Because the copy must hold no pictures, return the data below with all of its words intact.

[Opening DATA UNDER STUDY section]

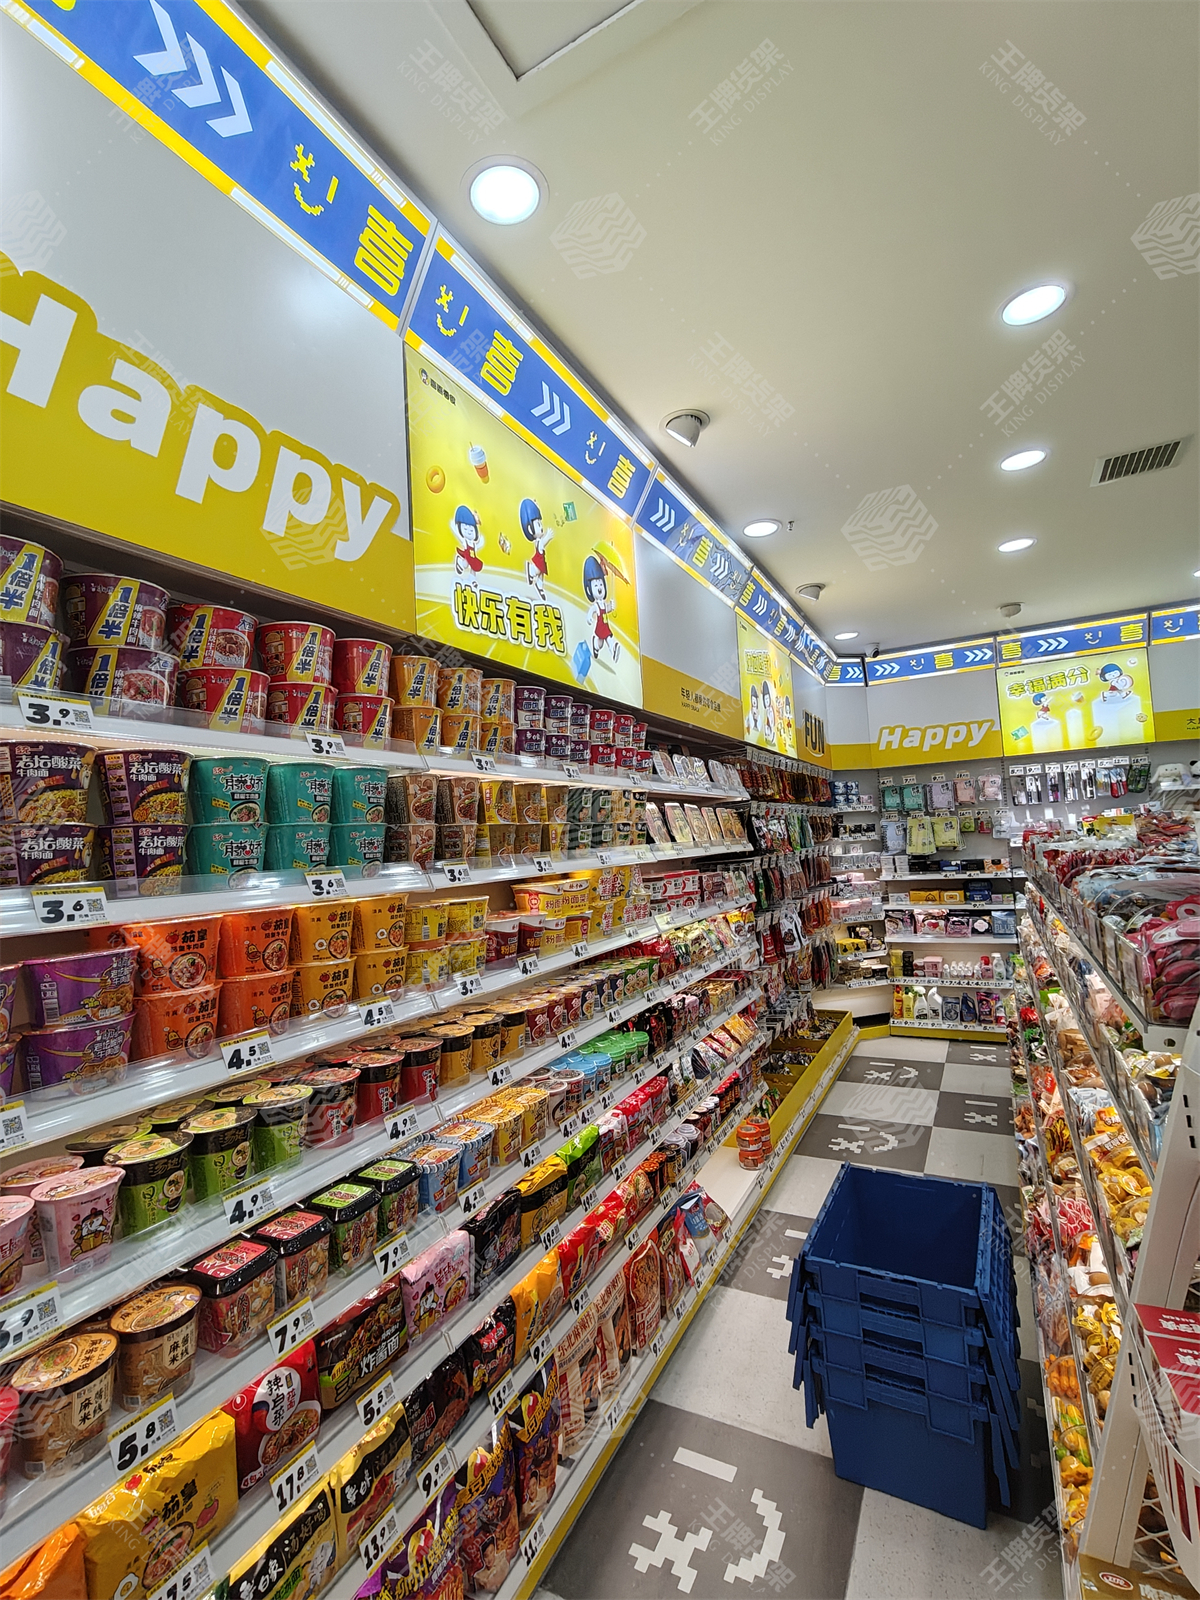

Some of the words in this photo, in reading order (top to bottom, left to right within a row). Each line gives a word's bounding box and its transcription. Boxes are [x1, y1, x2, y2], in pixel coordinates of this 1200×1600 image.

[354, 204, 414, 296] 喜
[480, 329, 523, 396] 喜
[0, 293, 392, 562] Happy
[607, 454, 636, 498] 喜
[0, 552, 38, 611] 1倍半
[98, 586, 134, 640] 1倍半
[126, 604, 144, 644] 麻辣牛肉面
[455, 584, 566, 654] 快乐有我
[182, 614, 208, 663] 1倍半
[203, 627, 218, 665] 红烧牛肉面
[1120, 623, 1144, 642] 喜
[294, 631, 319, 675] 1倍半
[934, 652, 954, 669] 喜
[1001, 641, 1022, 659] 喜
[362, 649, 383, 688] 1倍半
[408, 662, 427, 700] 1倍半
[1007, 665, 1090, 698] 幸福满分
[218, 676, 247, 725] 1倍半
[448, 673, 464, 709] 1倍半
[485, 683, 501, 717] 1倍半
[26, 703, 70, 726] 3.9
[311, 737, 333, 755] 3.9
[422, 714, 440, 750] 1倍半
[454, 720, 471, 754] 1倍半
[804, 711, 825, 754] FUN
[879, 722, 991, 751] Happy
[16, 755, 82, 770] 老坛酸菜
[16, 769, 49, 778] 牛肉面
[129, 762, 183, 775] 老坛酸菜
[129, 774, 157, 782] 牛肉面
[20, 851, 54, 860] 牛肉面
[21, 837, 84, 852] 老坛酸菜
[138, 836, 185, 849] 老坛酸菜
[138, 848, 165, 856] 牛肉面
[311, 879, 334, 896] 3.6
[447, 868, 463, 883] 3.6
[40, 900, 84, 924] 3.6
[181, 928, 208, 944] 茄皇
[331, 968, 350, 982] 茄皇
[460, 980, 474, 996] 3.9
[363, 1008, 385, 1026] 4.5
[228, 1046, 257, 1070] 4.5
[491, 1069, 505, 1086] 4.9
[390, 1118, 408, 1140] 4.9
[524, 1150, 536, 1167] 4.2
[230, 1194, 259, 1224] 4.9
[464, 1192, 478, 1213] 4.2
[380, 1247, 400, 1275] 7.9
[275, 1318, 300, 1354] 7.9
[360, 1331, 400, 1378] 炸酱面
[266, 1373, 285, 1427] 辣白菜
[286, 1387, 296, 1412] 拉面
[363, 1393, 384, 1426] 5.5
[117, 1421, 156, 1471] 5.8
[276, 1466, 305, 1512] 17.8
[422, 1463, 440, 1498] 9.9
[162, 1478, 199, 1522] 茄皇
[364, 1527, 385, 1570] 13.9

[Closing DATA UNDER STUDY section]

> _WRITTEN REPLY_
Some of the words in this photo, in reading order (top to bottom, left to right within a row). Each line gives a word's bounding box and its transcription. Boxes are [x1, y1, x2, y2], in pixel coordinates of this 1200×1600 image.

[354, 204, 414, 296] 喜
[480, 329, 523, 396] 喜
[0, 293, 392, 562] Happy
[607, 454, 636, 498] 喜
[0, 552, 38, 611] 1倍半
[98, 586, 134, 640] 1倍半
[126, 604, 144, 644] 麻辣牛肉面
[455, 584, 566, 654] 快乐有我
[182, 614, 208, 663] 1倍半
[203, 627, 218, 665] 红烧牛肉面
[1120, 623, 1144, 642] 喜
[294, 631, 319, 675] 1倍半
[934, 652, 954, 669] 喜
[1001, 641, 1022, 659] 喜
[362, 649, 383, 688] 1倍半
[408, 662, 427, 700] 1倍半
[1007, 665, 1090, 698] 幸福满分
[218, 676, 247, 725] 1倍半
[448, 673, 464, 709] 1倍半
[485, 683, 501, 717] 1倍半
[26, 703, 70, 726] 3.9
[311, 737, 333, 755] 3.9
[422, 714, 440, 750] 1倍半
[454, 720, 471, 754] 1倍半
[804, 711, 825, 754] FUN
[879, 722, 991, 751] Happy
[16, 755, 82, 770] 老坛酸菜
[16, 769, 49, 778] 牛肉面
[129, 762, 183, 775] 老坛酸菜
[129, 774, 157, 782] 牛肉面
[20, 851, 54, 860] 牛肉面
[21, 837, 84, 852] 老坛酸菜
[138, 836, 185, 849] 老坛酸菜
[138, 848, 165, 856] 牛肉面
[311, 879, 334, 896] 3.6
[447, 868, 463, 883] 3.6
[40, 900, 84, 924] 3.6
[181, 928, 208, 944] 茄皇
[331, 968, 350, 982] 茄皇
[460, 980, 474, 996] 3.9
[363, 1008, 385, 1026] 4.5
[228, 1046, 257, 1070] 4.5
[491, 1069, 505, 1086] 4.9
[390, 1118, 408, 1140] 4.9
[524, 1150, 536, 1167] 4.2
[230, 1194, 259, 1224] 4.9
[464, 1192, 478, 1213] 4.2
[380, 1247, 400, 1275] 7.9
[275, 1318, 300, 1354] 7.9
[360, 1331, 400, 1378] 炸酱面
[266, 1373, 285, 1427] 辣白菜
[286, 1387, 296, 1412] 拉面
[363, 1393, 384, 1426] 5.5
[117, 1421, 156, 1471] 5.8
[276, 1466, 305, 1512] 17.8
[422, 1463, 440, 1498] 9.9
[162, 1478, 199, 1522] 茄皇
[364, 1527, 385, 1570] 13.9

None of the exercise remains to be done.